La interpretación del Apocalipsis, como toda la Biblia, exige cierta cortesía con la obra, fundamentalmente porque es palabra de Dios y esto no debe ser tomado a la ligera. Esto es: proclamar con honestidad intelectual lo que el texto expresa sin ambages, aunque sea difícil de digerir, y guardar prudente opinión en aquello que no es del todo claro (es sabido que toda profecía tanto más se aclara cuanto más cerca se está de su cumplimiento), pero jamás hacerle decir al texto, lo que uno quiere que diga.

Hay pléyades de intérpretes, pero existen dos escuelas descorteces de entender el libro: el preterista, que supone que el Apocalipsis ya se ha cumplido; y el futurista, que sostiene que todo se cumplirá dentro de mucho tiempo. Respecto del sentido de la interpretación, hay otros dos grandes modos de entenderlo: el alegorista, que sostiene que el texto es una sofisticada metáfora sobre los problemas fundamentales de la existencia como: el mal, el pecado, la muerte, la redención, etc. y el literalista, que sostiene que el Apocalipsis debe interpretarse tal cual dice de forma íntegra, de modo que la bestia del mar tendrá efectivamente siete cabezas y diez cuernos, como un digno rival de Godzila. De acuerdo a las combinaciones de estas dos categorías y su grado, surgen varias escuelas exegéticas. Por supuesto, hay escuelas a medio camino entre estos extremos. La histórico-esjatológica a la que suscribe el P. Castellani, podríamos decir, se ubica allí.
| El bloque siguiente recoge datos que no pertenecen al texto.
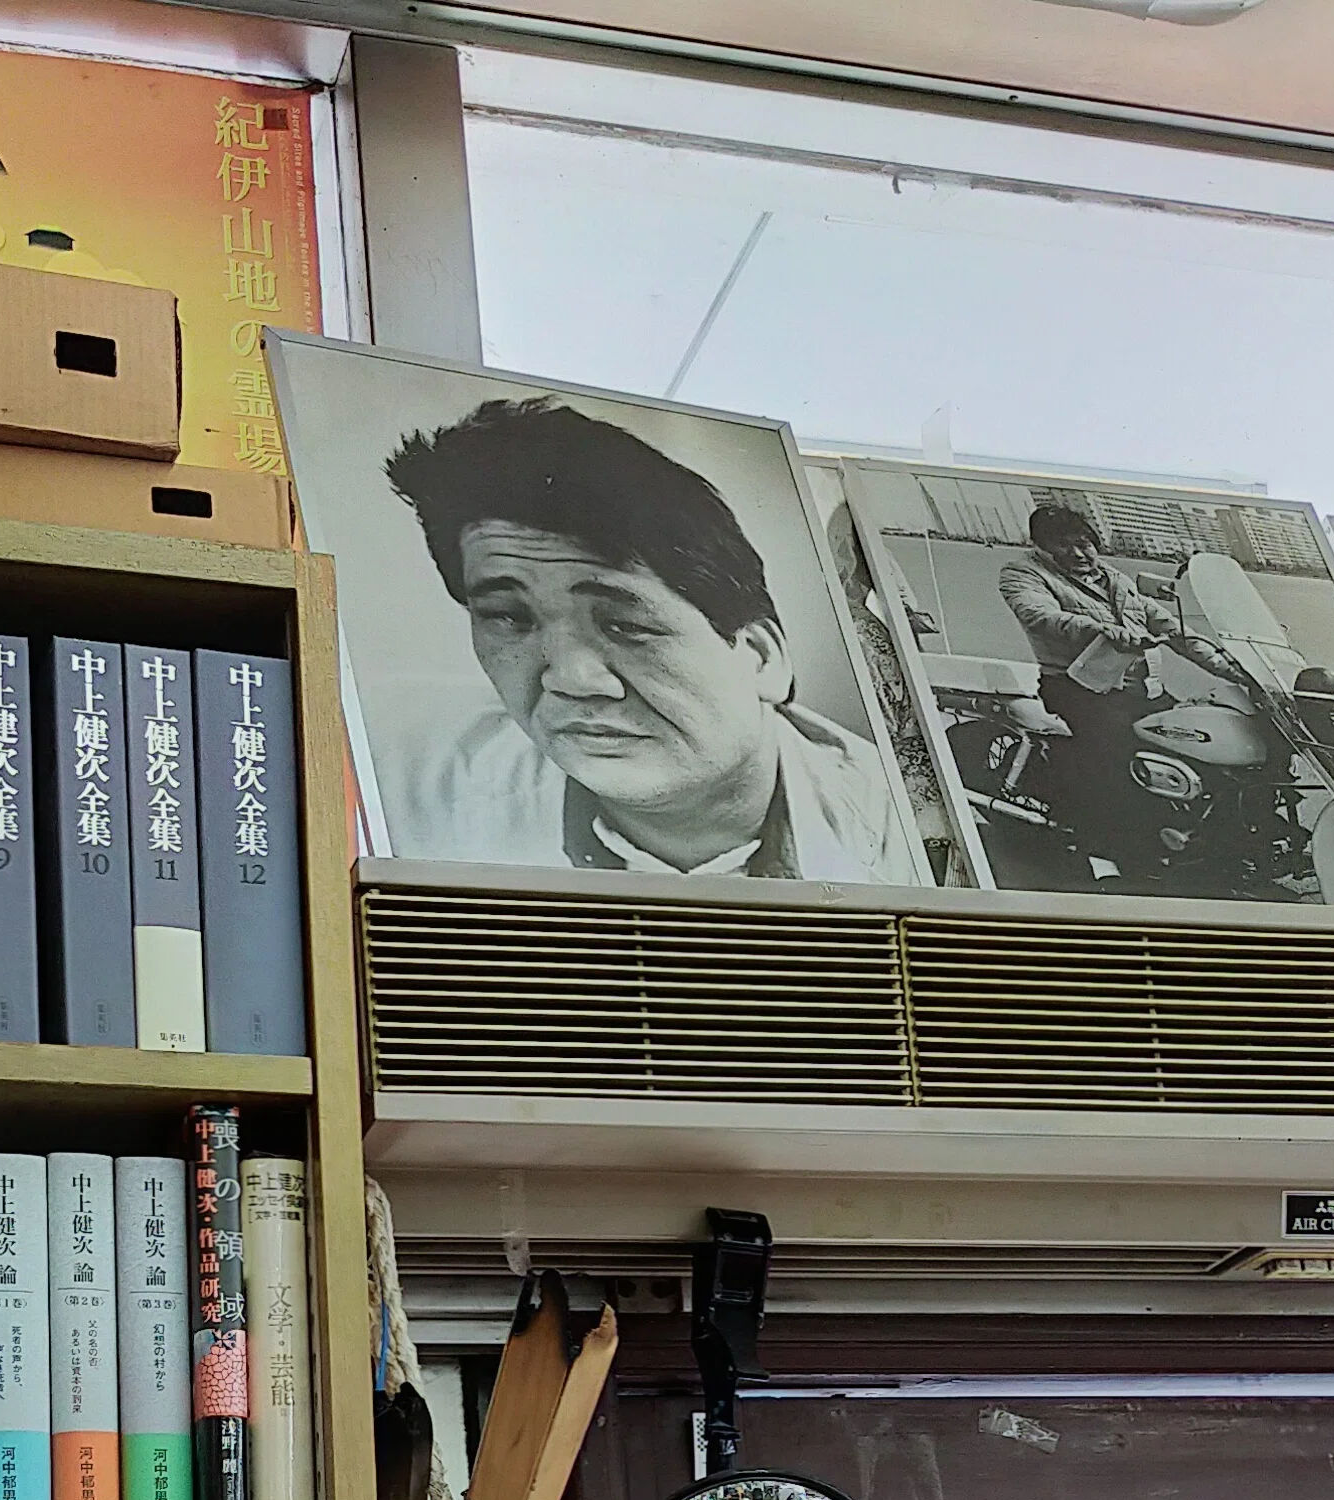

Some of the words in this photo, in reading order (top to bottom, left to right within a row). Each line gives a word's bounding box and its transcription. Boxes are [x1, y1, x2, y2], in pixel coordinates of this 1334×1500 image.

[214, 96, 289, 476] 紀伊山地の霊場
[70, 648, 113, 849] 中上健次全集
[141, 656, 184, 854] 中上健次全集
[228, 663, 270, 858] 中上健次全集
[79, 850, 111, 877] 10
[153, 858, 180, 883] 11
[237, 861, 267, 887] 12
[1292, 1217, 1319, 1231] AIR
Hay una escuela denominada histórico-crítica surgida en el siglo XIX en ambientes protestantes y agnósticos, que sólo atiende al sentido literal, esto es, el significado inmediato en el contexto que se produjo el texto, y no tiene en cuenta ningún sentido espiritual. Respecto del Apocalipsis, supone, en general, que es algo cumplido y se trata de una historia codificada de las persecuciones del antiguo Imperio Romano. Así, en esta interpretación, el Apocalipsis sería un bello libro de poesía surrealista en clave para los primeros cristianos, aunque sin contenido profético.
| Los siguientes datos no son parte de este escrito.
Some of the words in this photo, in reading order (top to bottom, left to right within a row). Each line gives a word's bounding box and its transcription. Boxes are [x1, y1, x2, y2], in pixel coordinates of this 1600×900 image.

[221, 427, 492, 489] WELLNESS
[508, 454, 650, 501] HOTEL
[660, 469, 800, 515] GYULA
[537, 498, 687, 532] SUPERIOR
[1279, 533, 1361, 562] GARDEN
Otra escuela es la espiritualista que tiende a suponer que el Apocalipsis es un conjunto de alegorías de tinte moral o pastoral, y si tiene algún componente escatológico, se cumplirá en un tiempo remotísimo. Tal interpretación pone el sujeto de la revelación en los individuos y no tanto en el pueblo de Dios. En este modelo hermenéutico, el juicio final es una alegoría de la muerte física; el Dragón, la Bestia del Mar y la Bestia de la Tierra son metáforas del mal; y las cartas a las siete iglesias, meros billetes pastorales para comunidades difuntas.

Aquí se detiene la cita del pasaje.